* DATA RECORDS

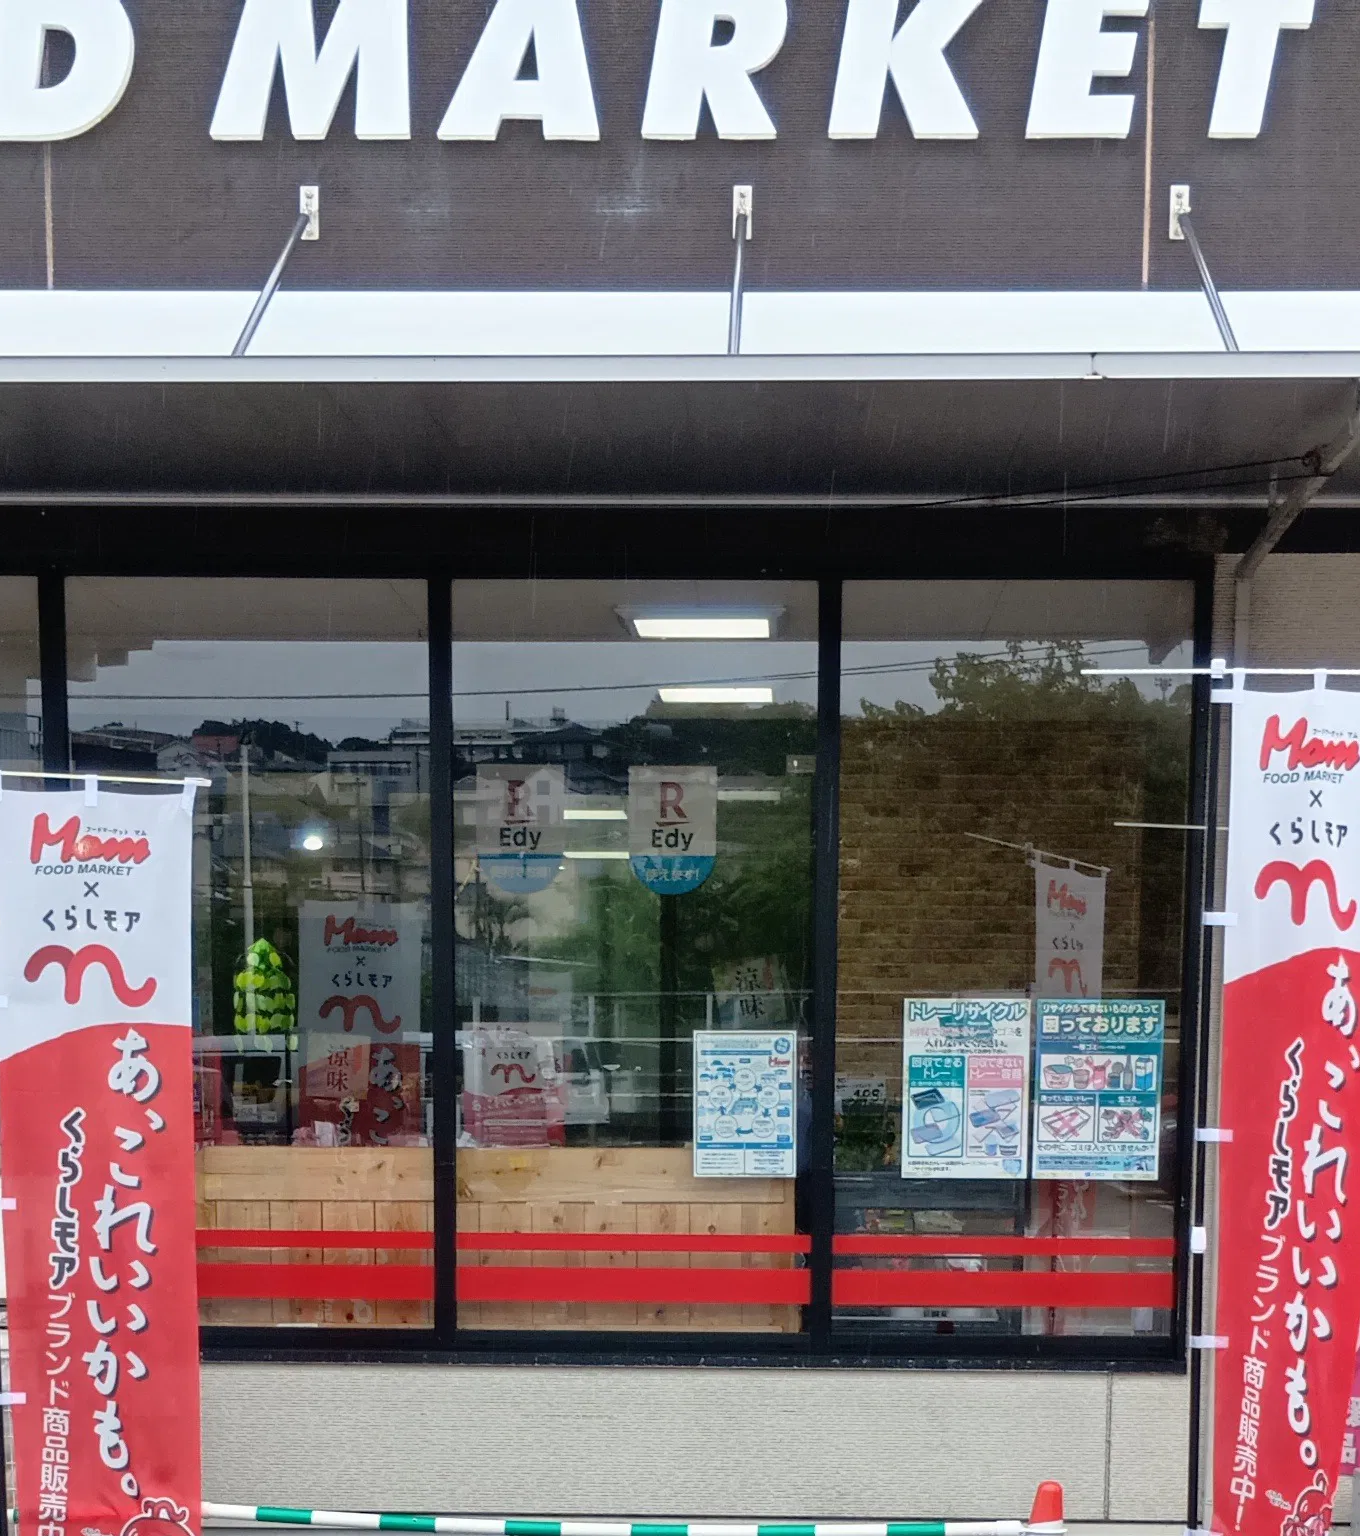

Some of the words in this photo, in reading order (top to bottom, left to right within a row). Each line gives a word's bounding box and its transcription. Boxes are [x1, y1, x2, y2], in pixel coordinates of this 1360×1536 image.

[209, 0, 1314, 141] MARKET
[1263, 772, 1300, 784] FOOD
[1304, 771, 1344, 784] MARKET
[660, 782, 688, 818] R
[500, 827, 541, 850] Edy
[652, 828, 694, 851] Edy
[34, 865, 73, 875] FOOD
[77, 864, 134, 877] MARKET
[42, 905, 141, 932] くらしモア
[332, 971, 393, 988] くらしモア
[909, 1002, 1027, 1021] トレーリサイクル
[924, 1068, 951, 1079] トレー
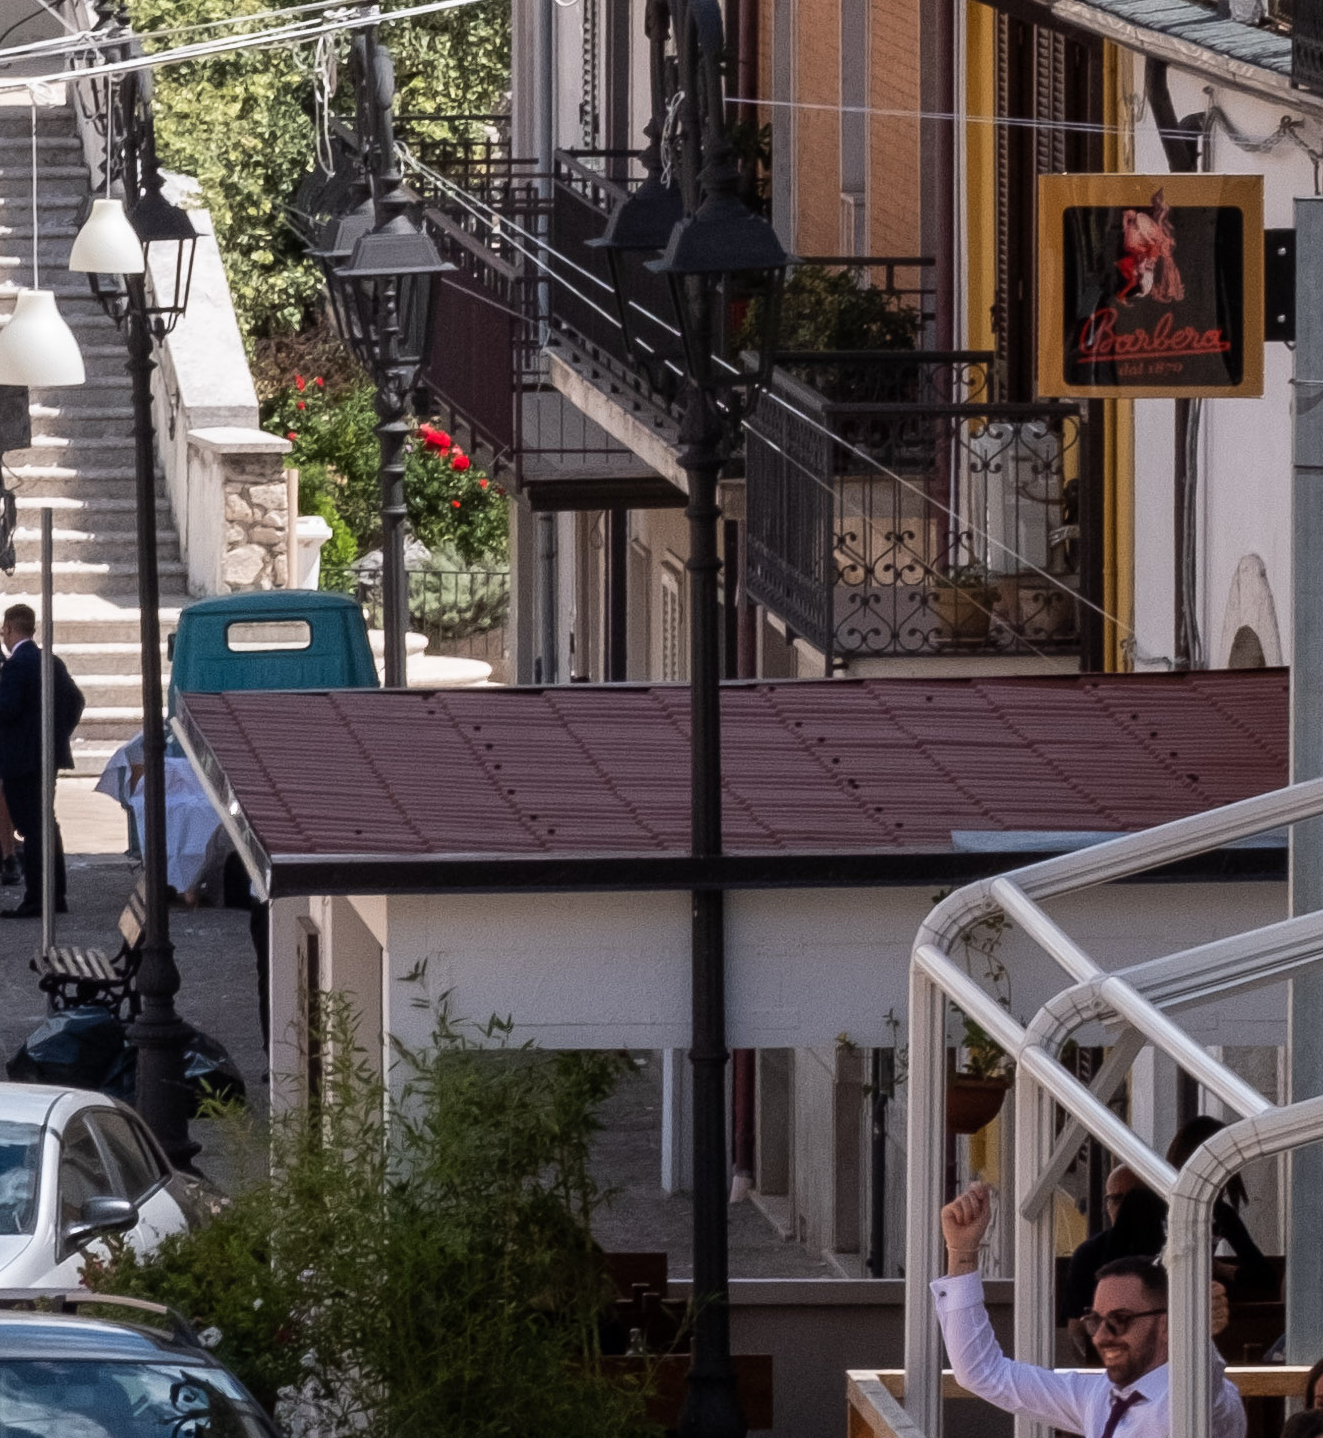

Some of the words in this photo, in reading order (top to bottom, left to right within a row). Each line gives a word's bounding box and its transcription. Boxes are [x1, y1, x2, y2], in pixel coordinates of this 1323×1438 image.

[1079, 306, 1227, 354] Barbera
[1118, 362, 1143, 375] dal
[1148, 362, 1183, 375] 1870
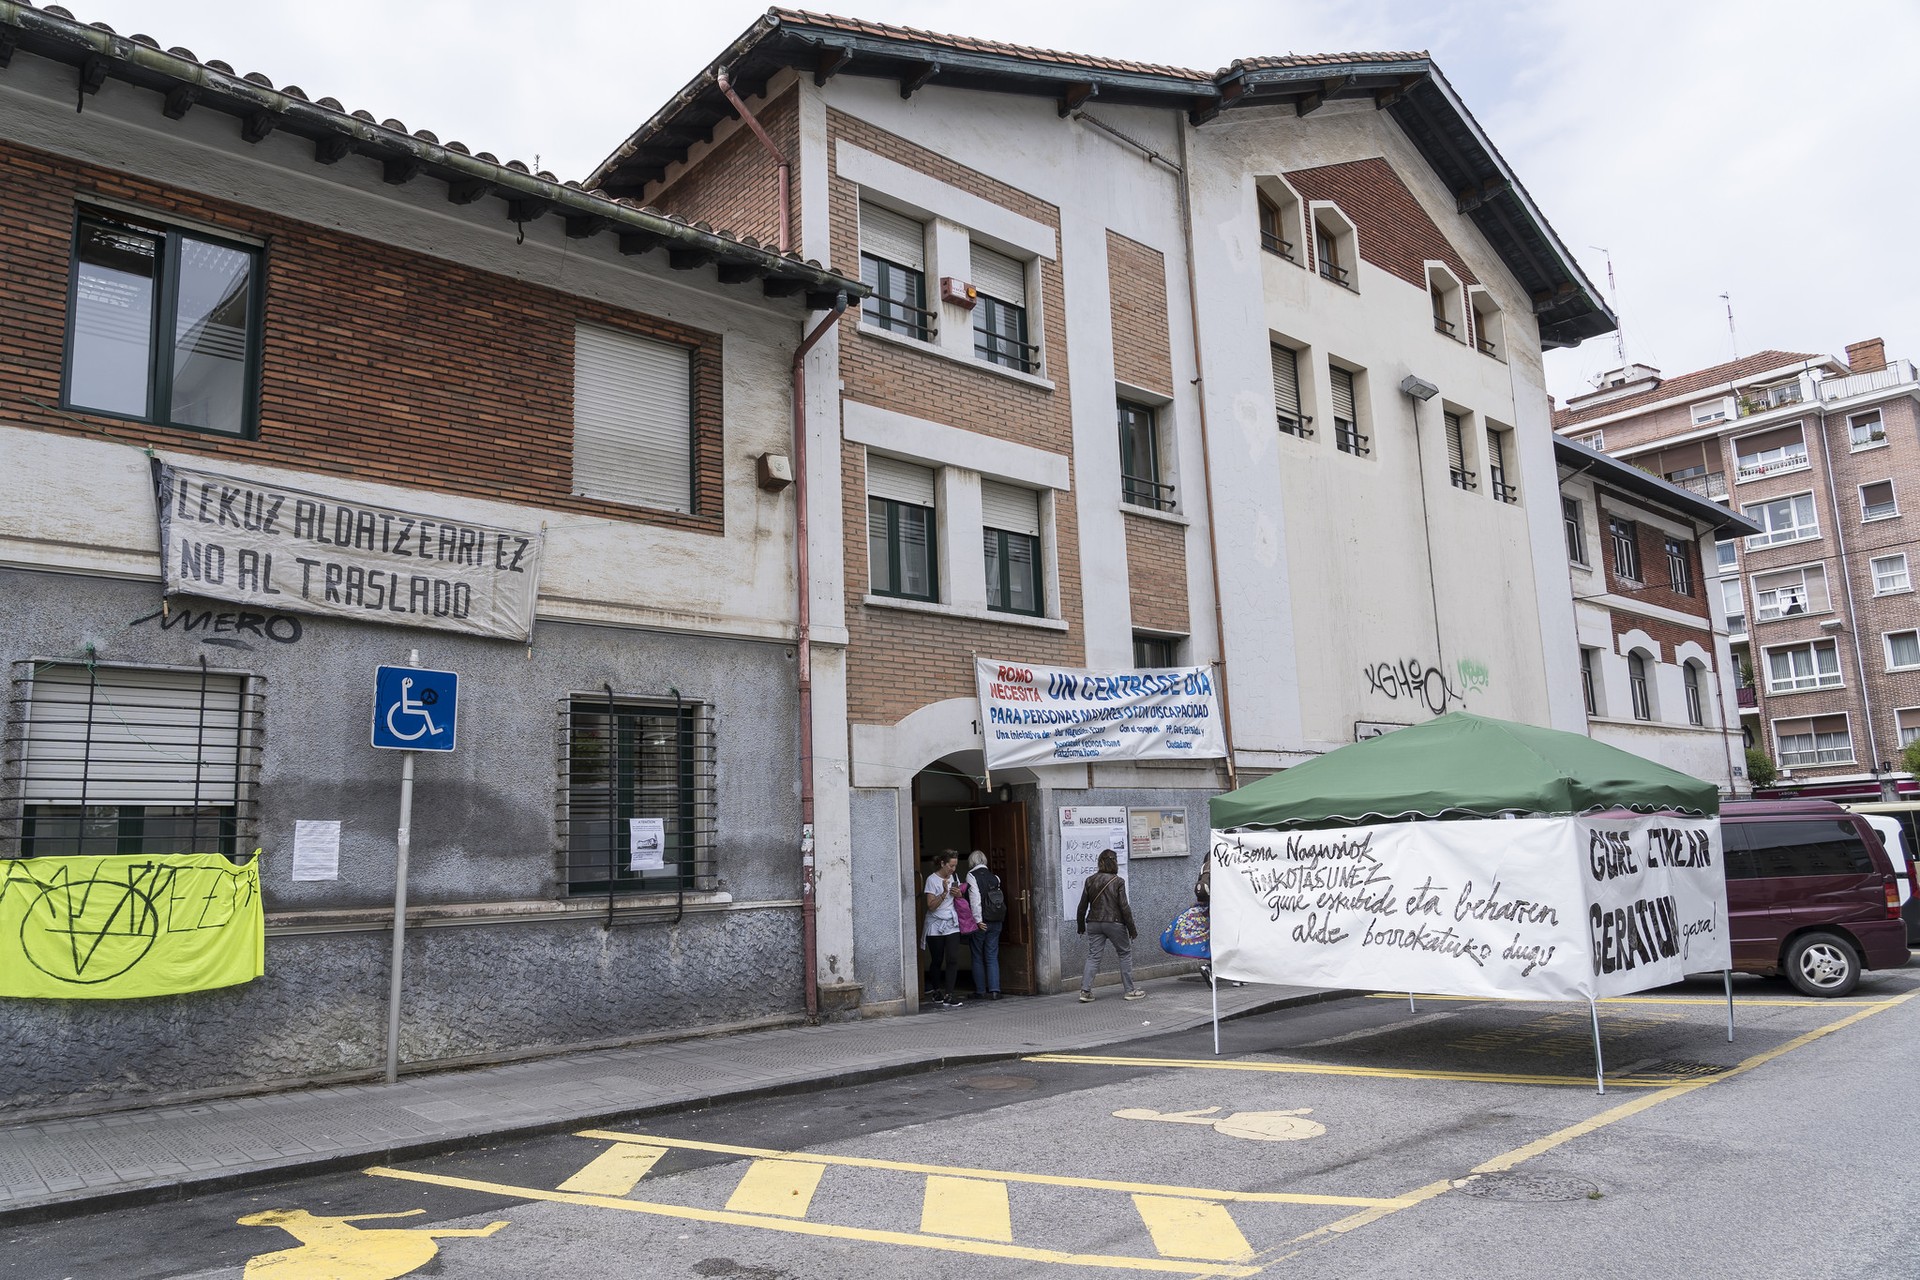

* WHAT IS REQUIRED
Transcribe all of the listing precisely. The images stay out of it.

* WRITTEN ANSWER
Some of the words in this photo, in reading order (top to bottom, left to right within a row). Each line gives a word's bounding box and its transcription. Boxes are [x1, y1, x2, y2], in pixel coordinates of this 1360×1536 image.

[209, 0, 1314, 141] MARKET
[1263, 772, 1300, 784] FOOD
[1304, 771, 1344, 784] MARKET
[660, 782, 688, 818] R
[500, 827, 541, 850] Edy
[652, 828, 694, 851] Edy
[34, 865, 73, 875] FOOD
[77, 864, 134, 877] MARKET
[42, 905, 141, 932] くらしモア
[332, 971, 393, 988] くらしモア
[909, 1002, 1027, 1021] トレーリサイクル
[924, 1068, 951, 1079] トレー

Some of the words in this photo, in reading order (top to bottom, left to right within a row). Each line gives a word's bounding box and its transcription. Boxes are [x1, y1, x2, y2], in pixel coordinates of this 1323×1438 image.

[1079, 306, 1227, 354] Barbera
[1118, 362, 1143, 375] dal
[1148, 362, 1183, 375] 1870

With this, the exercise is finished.